*** Exercise input Section Begins ***
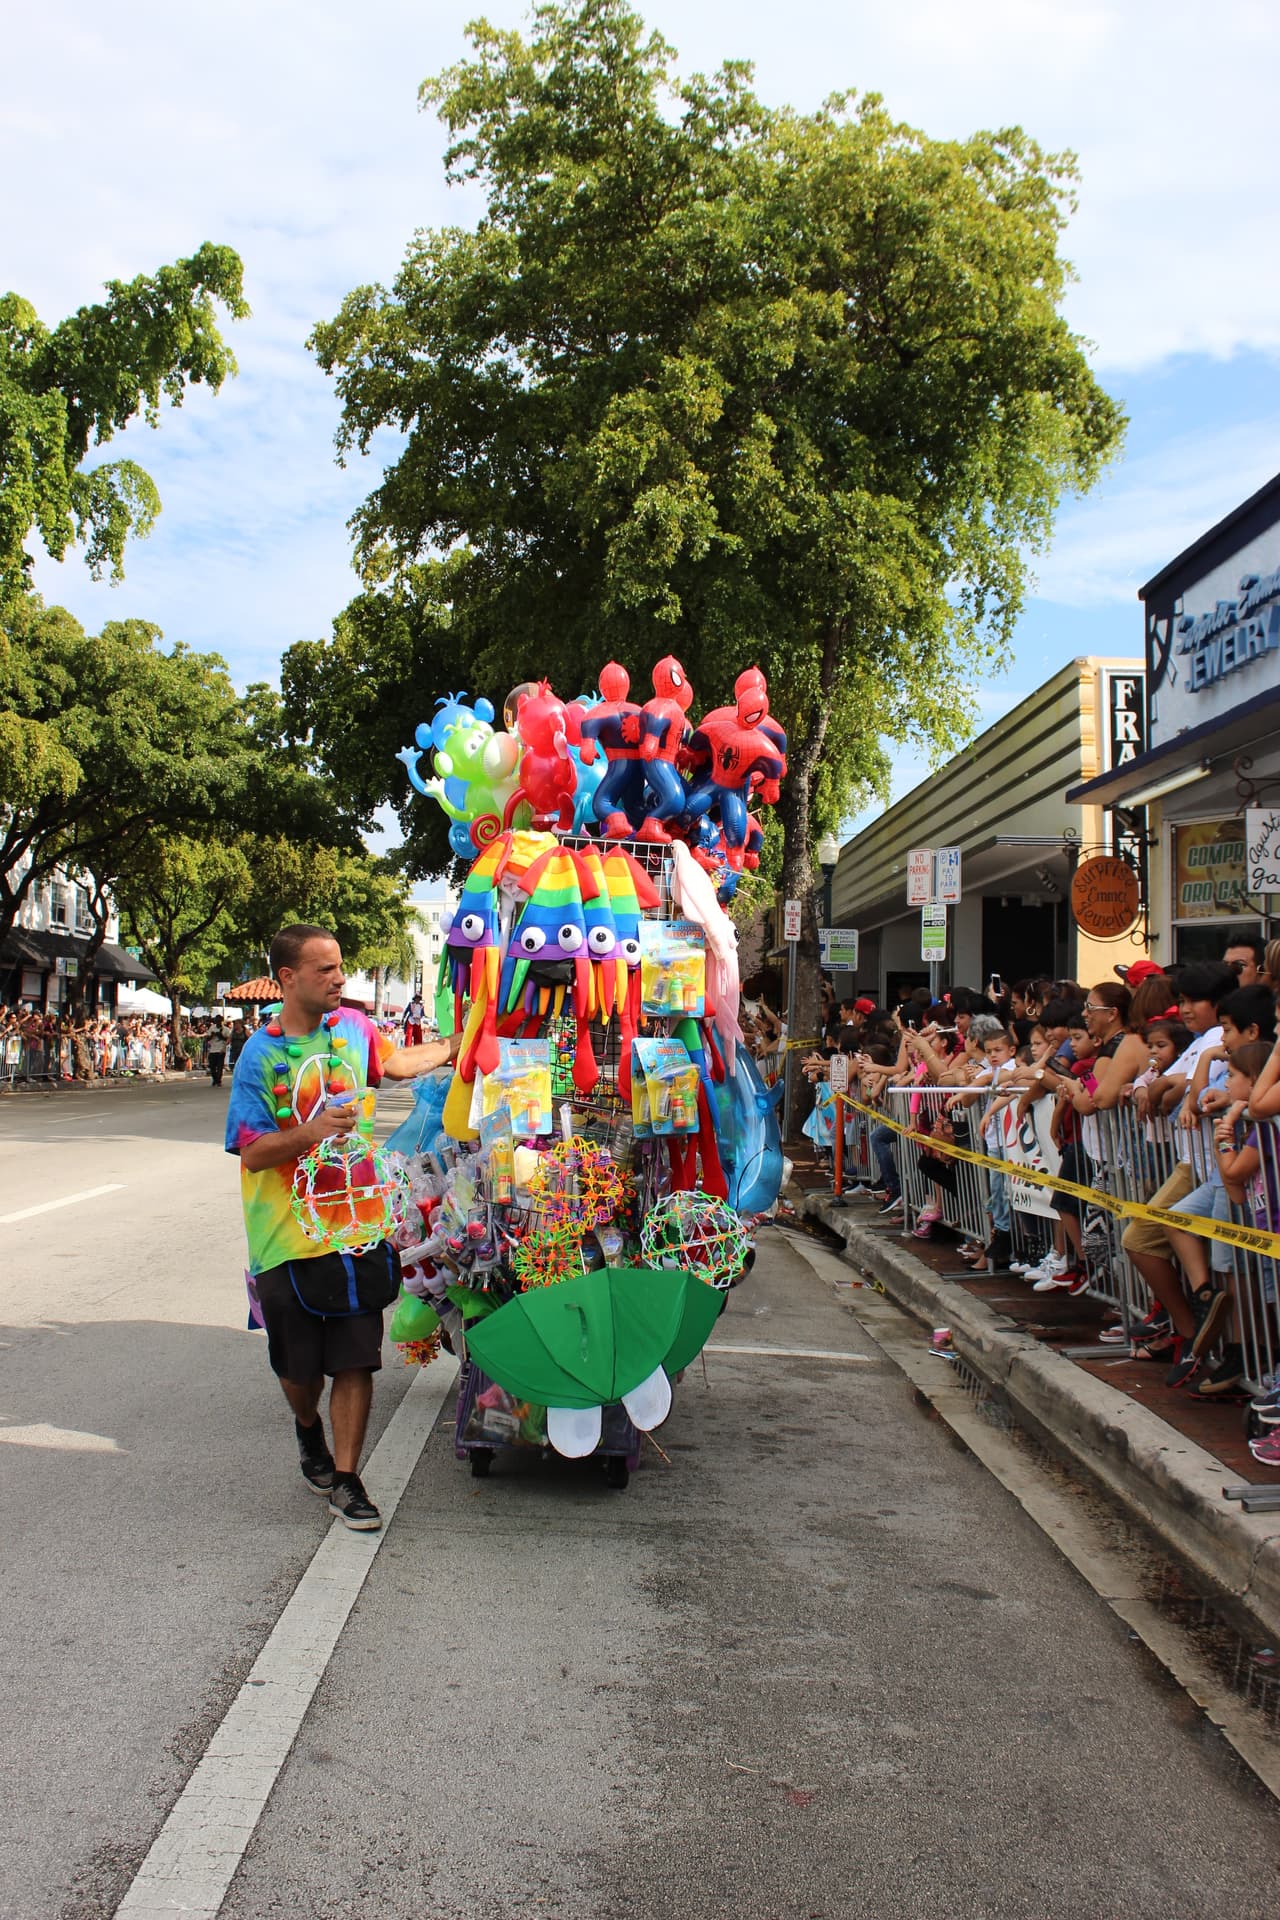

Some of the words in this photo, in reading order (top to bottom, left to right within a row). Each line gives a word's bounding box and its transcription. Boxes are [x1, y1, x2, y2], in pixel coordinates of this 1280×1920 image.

[1184, 606, 1275, 693] JEWELRY
[914, 853, 924, 864] NO
[909, 865, 929, 875] PARKING
[1075, 861, 1135, 893] Surprise
[1087, 887, 1127, 903] Emma
[1182, 881, 1213, 903] ORO
[1077, 901, 1135, 930] Jewelry
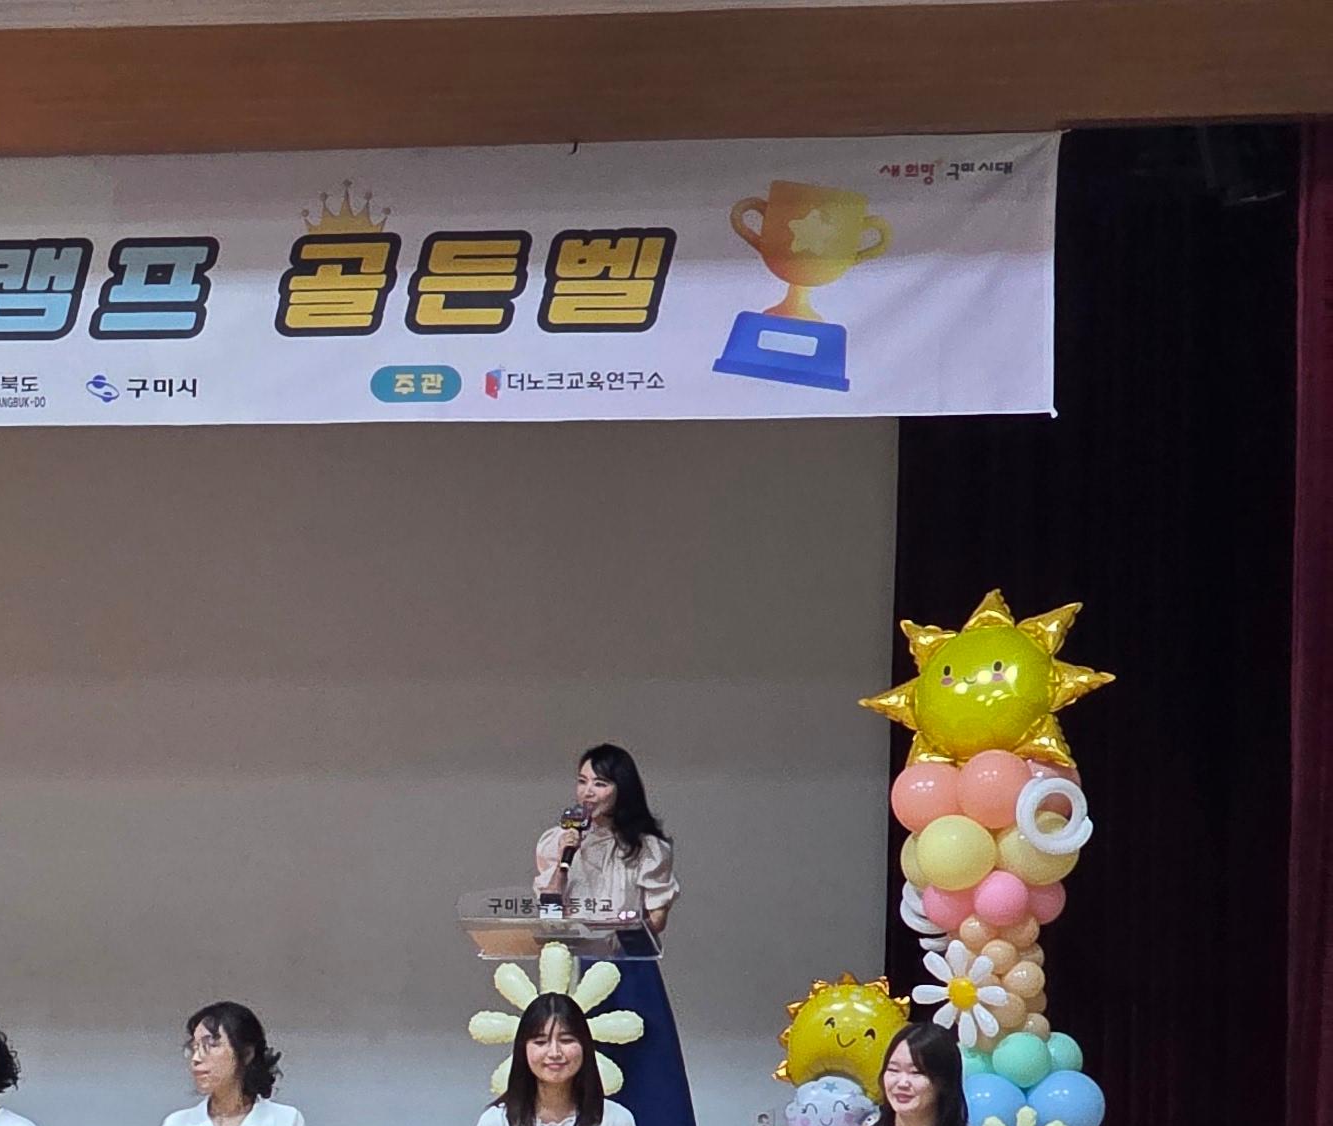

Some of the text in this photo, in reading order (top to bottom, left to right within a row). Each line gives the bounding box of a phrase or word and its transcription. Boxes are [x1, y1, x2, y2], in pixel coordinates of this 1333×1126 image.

[274, 227, 677, 338] 골든벨
[126, 377, 199, 399] 구미시
[393, 370, 666, 395] 주관 더노크교육연구소
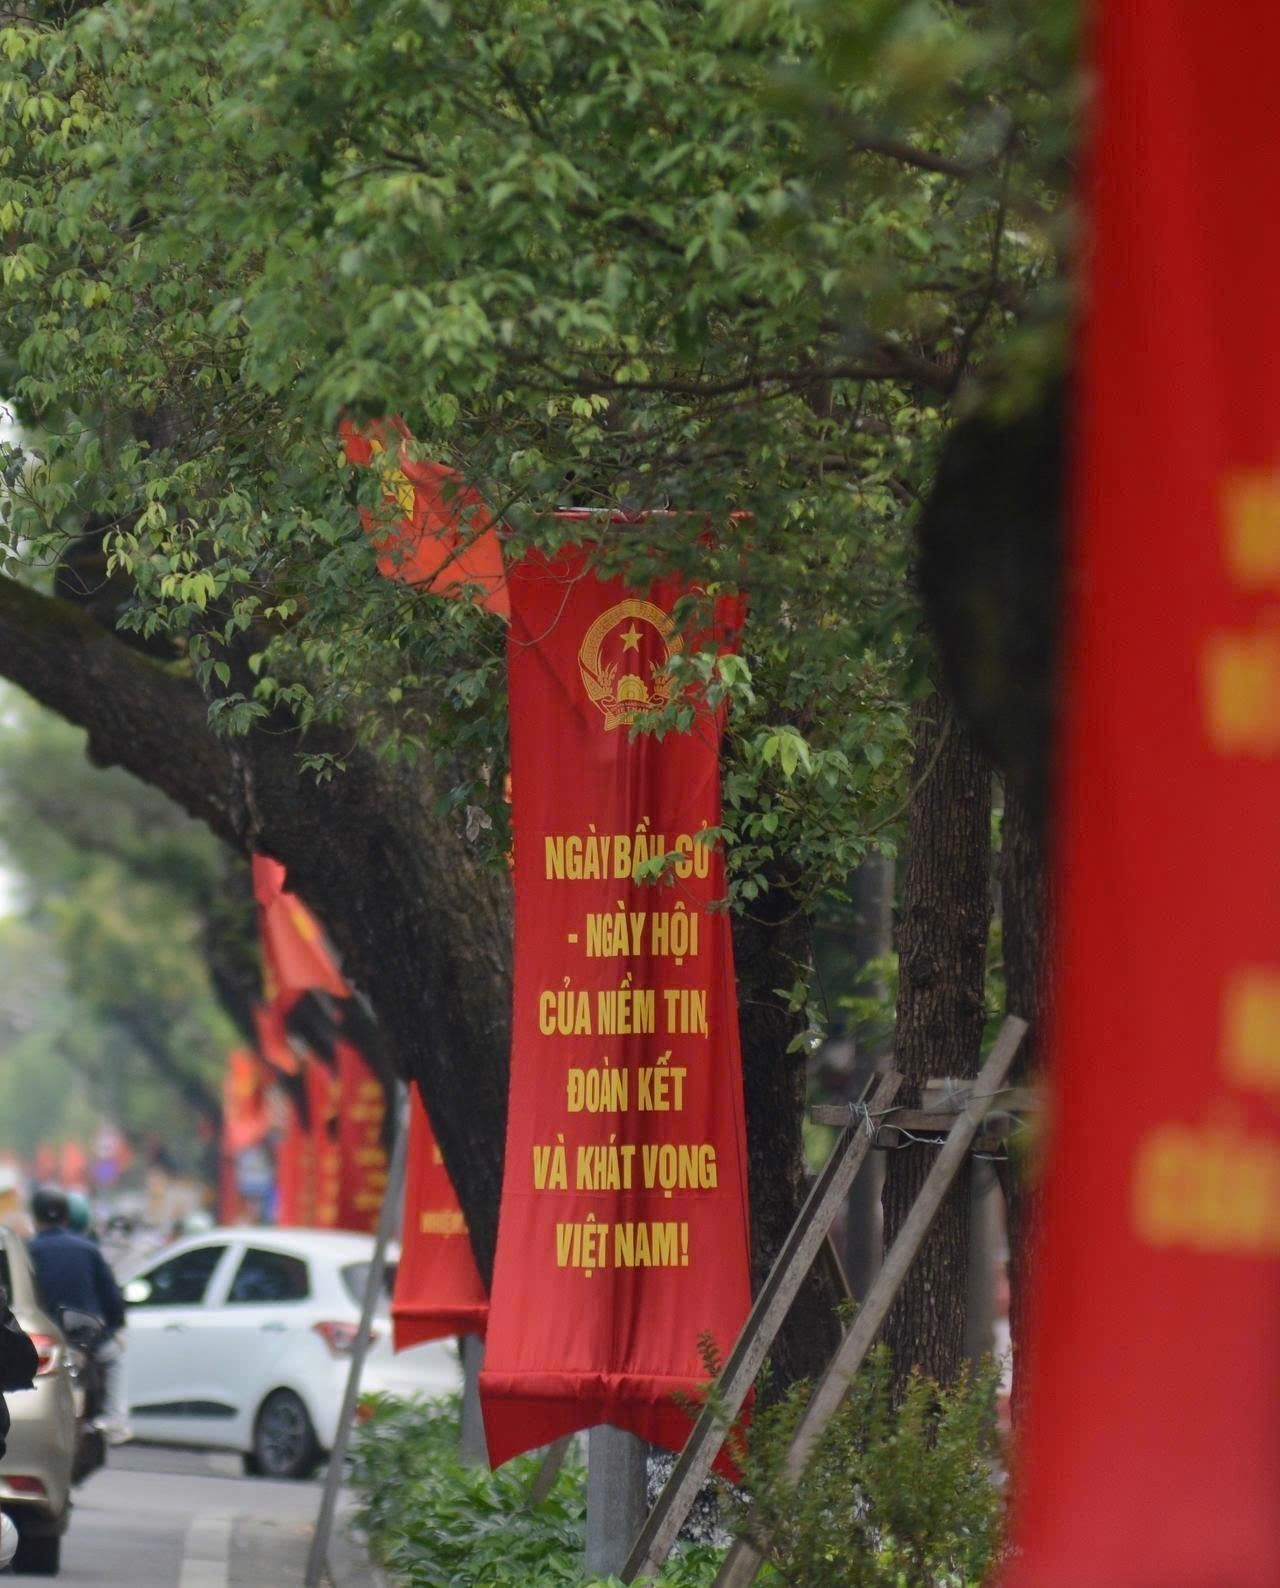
*** Exercise input Section Ends ***
**Required action**
Restate word for word only the lines from the one with "Some of the text" through the last line of the material, both included. Any picture should be left out.

**Exercise output**
Some of the text in this photo, in reading order (top to bottom, left to right within a row). Each line gives the bounding box of a phrase or word and its transcription. Boxes are [x1, y1, x2, y2], in pixel coordinates of this 1333×1126 image.

[274, 227, 677, 338] 골든벨
[126, 377, 199, 399] 구미시
[393, 370, 666, 395] 주관 더노크교육연구소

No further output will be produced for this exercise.